Crying Over Lemons
Another personally significant moment this week was when I picked my first home grown lemon from my tree which I got for Christmas. This is definitely something I would not have done back in the UK and it brought tears to my eyes. No, not from squirting juice in them, but for the fact that I am able to grow my own lemons for my early morning hot lemon drink.
As a kid we had a couple of apple trees in the garden which have left many nostalgic memories. All those late summer days of inching precariously along the branches to reach the biggest juiciest ones whilst parents hovered down below with pillow cases and vegetable colanders to catch them. Never mind about catching us, we would have needed a duvet cover to catch us, but as we still used sheets and blankets in those days, we had to trust our balance.

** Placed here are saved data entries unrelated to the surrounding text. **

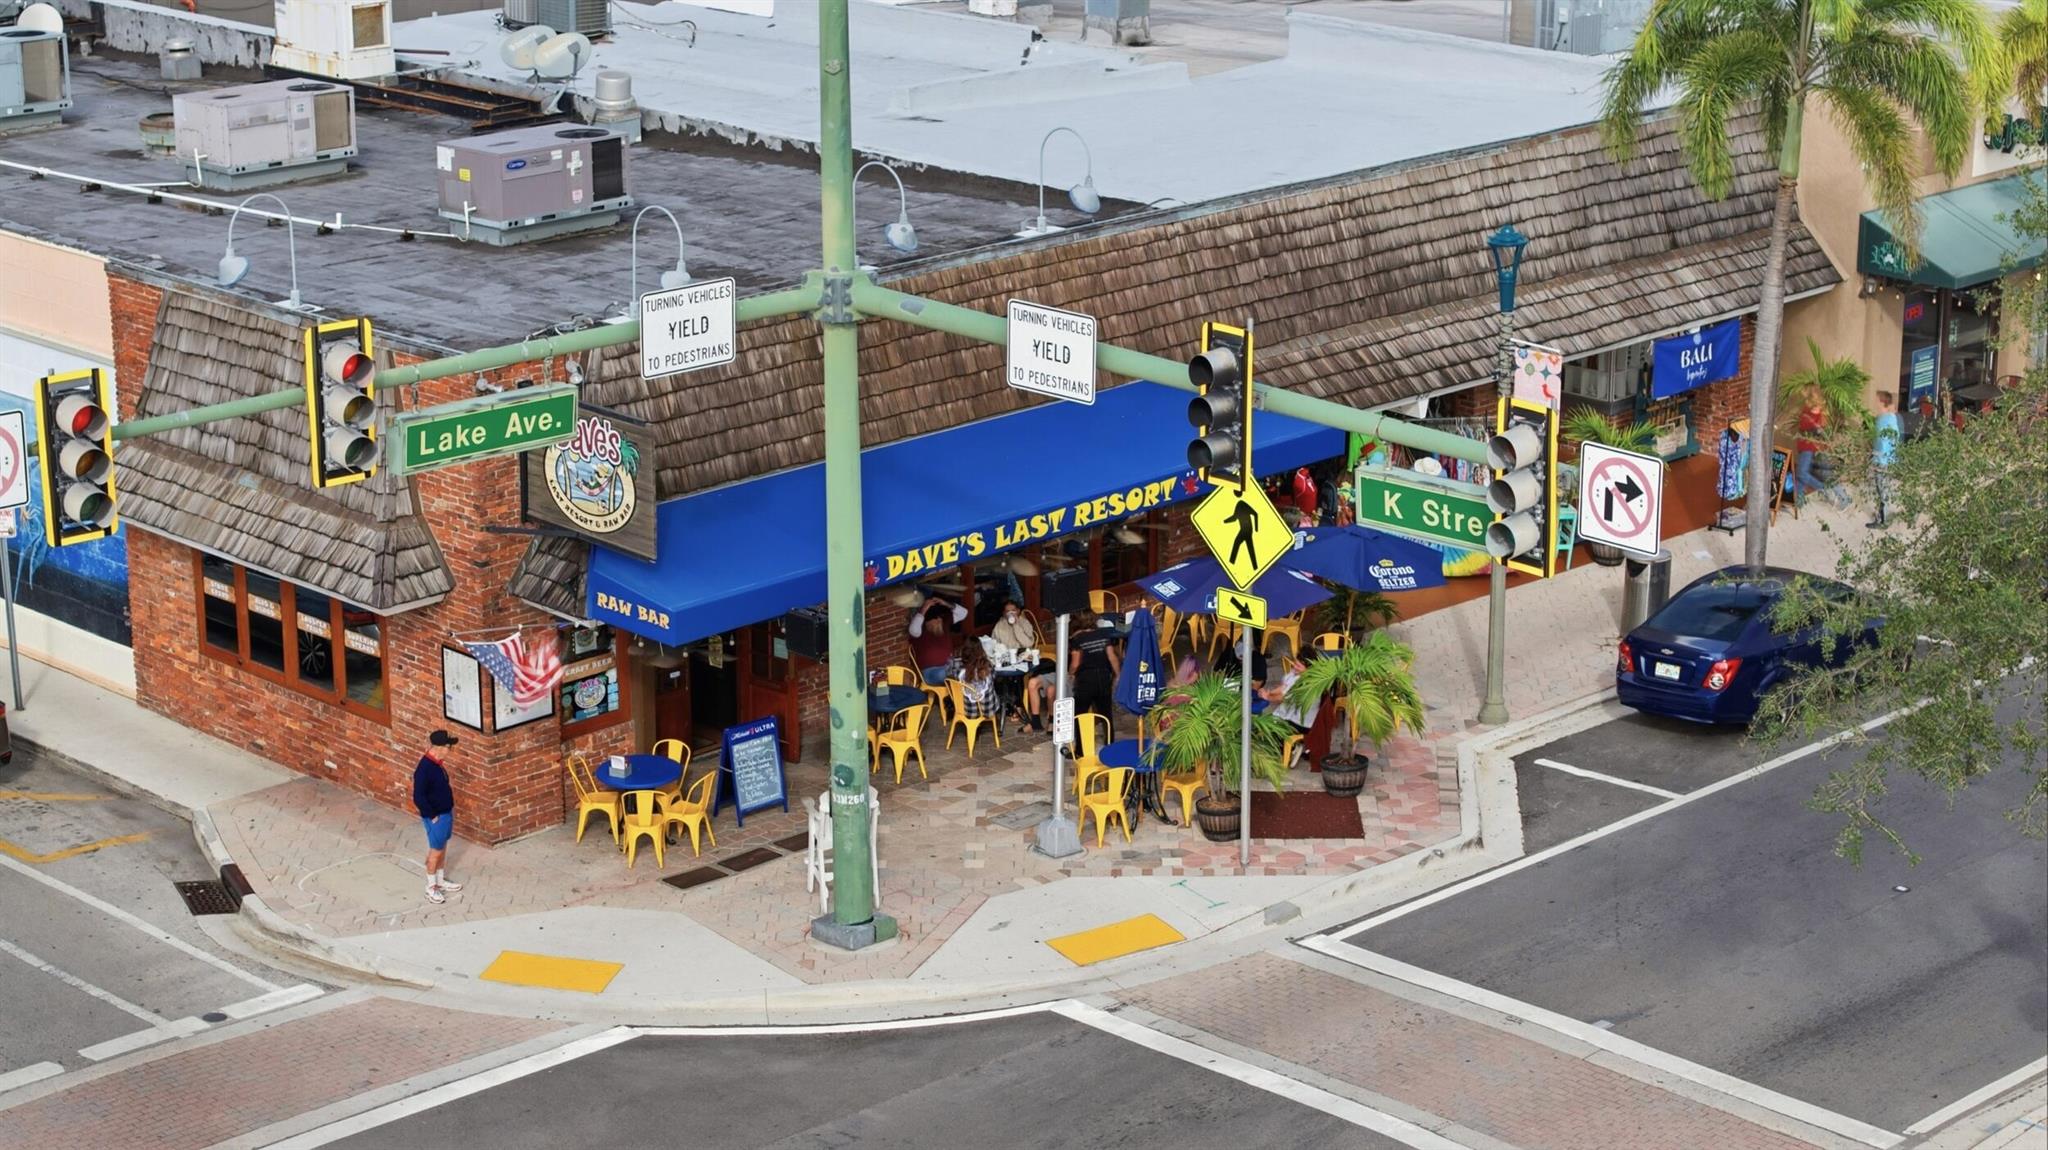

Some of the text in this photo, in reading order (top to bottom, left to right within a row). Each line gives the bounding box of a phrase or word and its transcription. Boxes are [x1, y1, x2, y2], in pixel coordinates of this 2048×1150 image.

[646, 285, 731, 312] TURNING VEHICLES
[668, 316, 709, 340] YIELD
[1013, 307, 1092, 337] TURNING VEHICLES
[648, 343, 730, 370] TO PEDESTRIANS
[1033, 339, 1071, 364] YIELD
[1681, 343, 1712, 368] BALI
[1013, 366, 1090, 396] TO PEDESTRIANS
[420, 412, 562, 456] Lake Ave.
[556, 417, 621, 465] ave's
[565, 504, 593, 526] RESORT
[603, 518, 619, 529] RAW
[620, 503, 632, 522] BAR
[1383, 490, 1484, 537] K Stre
[885, 476, 1178, 581] DAVE'S LAST RESORT
[1368, 564, 1415, 579] Corona
[1378, 576, 1416, 587] SELTZER
[596, 591, 670, 630] RAW BAR
[754, 722, 775, 734] ULTRA

Our parents obviously thought it was worth the risk to get at those apples before the birds did!
I can vividly remember too all those little apples that dropped off well before they were fully grown. As kids we made up endless games to play with them. One of them was to hit them with a tennis racket against the wall of the house that backed onto our garden. We thought it was great fun but the owner of the house wasn't so impressed when the newly painted pebble dash was given a polka dot look with all the little brown marks the splattered apples made. It did wonders for improving our tennis serves though!
Then of course there was the excitement of finding the worms burrowed down those little brown canals as we ate them and all those times we spending peeling and chopping them for the sunday apple pie and the numerous little freezer bags we loaded up to ensure we were never without apple pie in the winter. We gave away bags to the neighbours, bags to the church, and bags to the scouts. There was intense pressure with my brothers over who could produce the longest piece of peel and who could manage to peel the whole apple without a break in the skin.
Yes there was never a dull moment when the apples arrived but sadly they have now succumbed to a garden makeover and as in many other gardens around the country I imagine, they have been replaced with water features and large shiny blue balls that serve no purpose other than to sit on the earth amongst the rockeries looking extremely alien.
One day I hope I will have another apple tree, and oranges and maybe peaches too, as they are all possible to grow here in NZ. But for now, I am extremely satisfied with my little lemon tree and its small but much appreciated bearing of fruits. But they're no good in pies!